Sejumlah penghargaan internasional diraih oleh JFC, termasuk menjadi Second Runner-Up pada International Carnaval de Victoria 2016 di Seychelles. Pada 2017, Jember dinobatkan sebagai Kota Karnaval pertama di Indonesia yang bertaraf nasional dan internasional oleh Kementerian Pariwisata.
Prestasi gemilang JFC tentu tidak lepas dari kerja keras sang pelopor, Dynand Fariz. Dynand begitu ulet dalam mengembangkan JFC hingga menjadi karnaval terbesar di Indonesia. Kira-kira bagaimana sejarah berdirinya JFC? Simak penjelasannya berikut ini.
Berawal dari Rumah Mode
Dikutip dari laman Kemendikbud, JFC bermula dari keberadaan rumah mode yang didirikan oleh Dynand Fariz pada 1998. Rumah mode yang bernama Dynand Fariz International High Fashion Center itu didirikan sebagai wujud apresiasi dan konstribusi Dynand di dunia fashion.
Pada 2001, Dynand mengadakan sebuah acara fashion week untuk mengenalkan rumah modenya ke masyarakat luas. Dynand meminta para karyawan rumah mode untuk memakai busana yang sedang tren di dunia. Busana itu harus dipakai saat bekerja selama seminggu.

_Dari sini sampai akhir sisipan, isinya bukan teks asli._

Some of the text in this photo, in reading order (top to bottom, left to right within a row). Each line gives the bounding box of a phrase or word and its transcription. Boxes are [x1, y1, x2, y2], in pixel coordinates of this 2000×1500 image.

Acara fashion week di tahun selanjutnya dilakukan dengan cara yang berbeda. Terdapat pawai karyawan dengan memakai busana daur ulang yang kreatif dan unik.
Pawai tersebut dilakukan di sekitar rumah mode. Rupanya, masyarakat mulai tertarik dan memberi respons positif terhadap pawai tersebut.

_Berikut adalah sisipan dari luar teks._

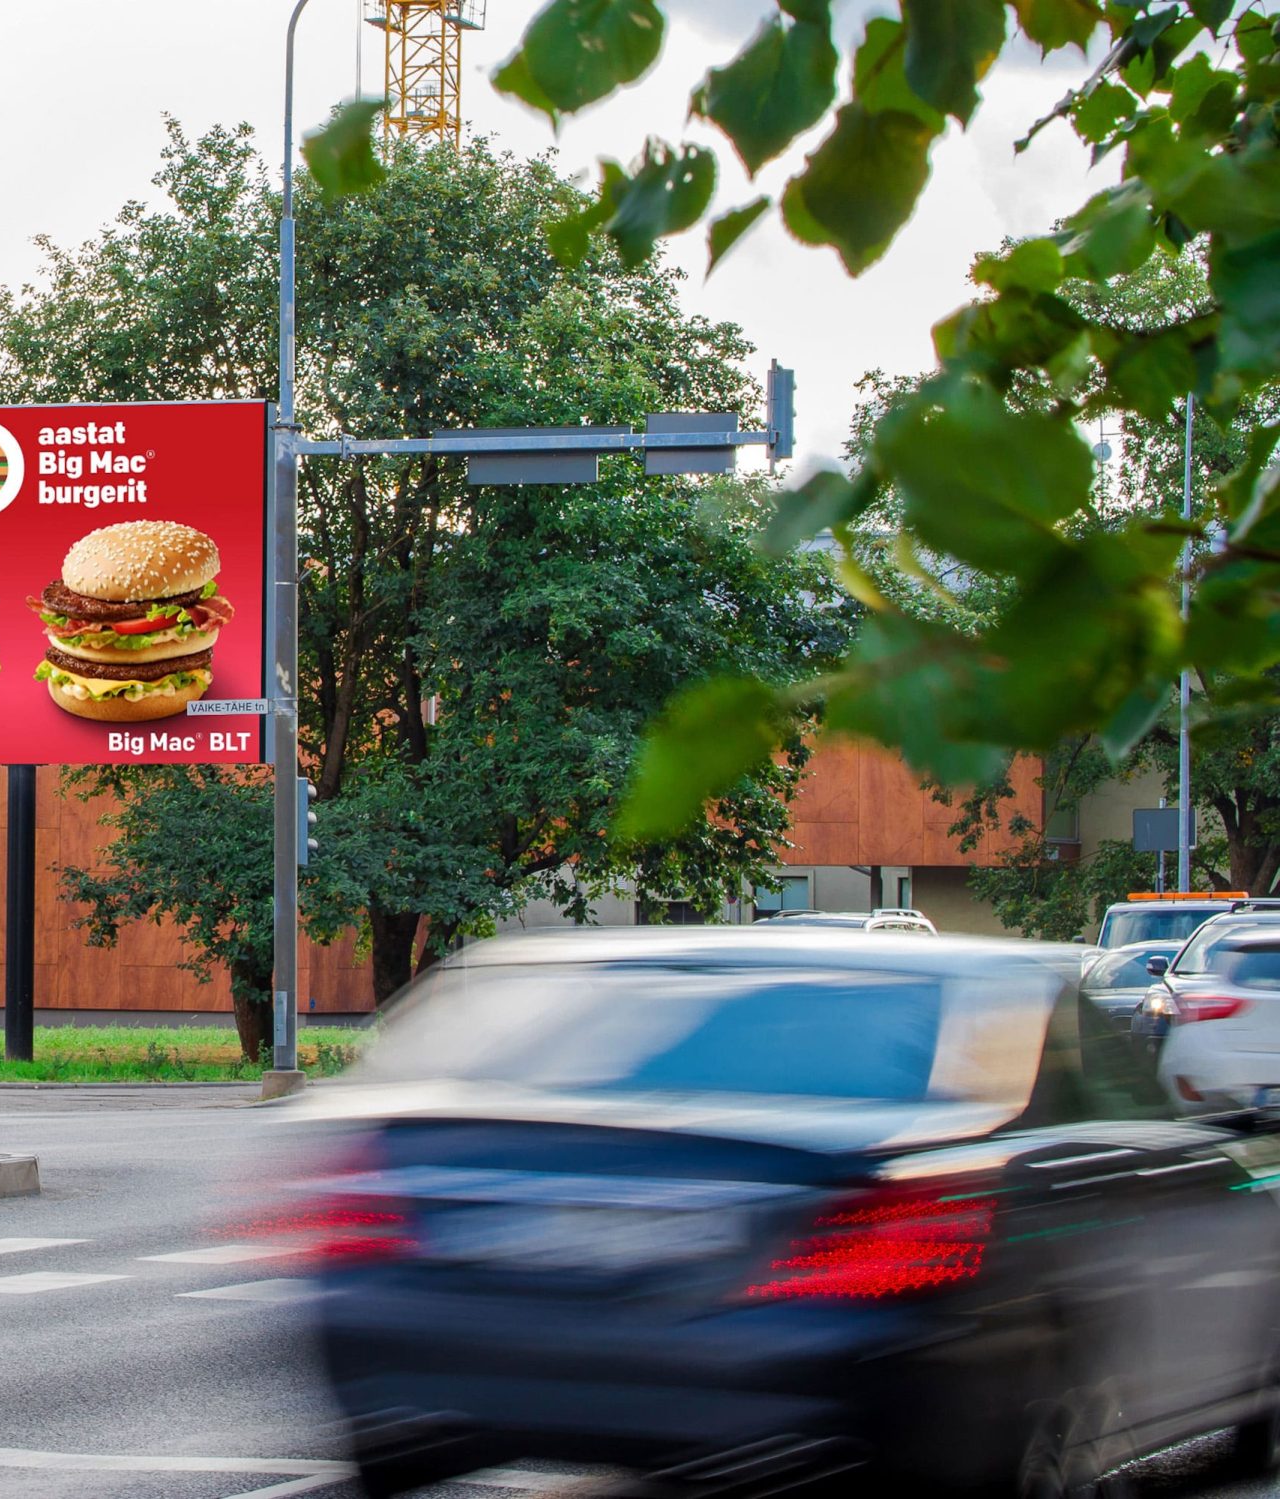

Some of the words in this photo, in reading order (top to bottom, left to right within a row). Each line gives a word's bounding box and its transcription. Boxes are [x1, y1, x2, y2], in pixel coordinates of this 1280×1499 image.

[38, 421, 126, 445] aastat
[38, 451, 83, 479] Big
[38, 479, 148, 508] burgerit
[190, 701, 252, 713] VÄIKE-TÄHE
[255, 703, 265, 712] tn
[108, 732, 144, 755] Big
[209, 732, 251, 751] BLT

Tercetus Ide Menggelar Karnaval yang Besar
Antusiasme masyarakat terhadap pawai rumah mode membuat Dynan ingin menggelar sebuah karnaval yang besar. Tahun 2003, Dynand dan tim mulai memikirkan konsep karnaval secara matang. Itu karena Dynand berharap agar karnaval yang akan digelar dapat memberi dampak positif bagi masyarakat Jember.
Perencanaan karnaval dilakukan secara detail. Mulai dari pembuatan visi dan misi, menentukan tema busana, hingga melakukan inovasi desain busana.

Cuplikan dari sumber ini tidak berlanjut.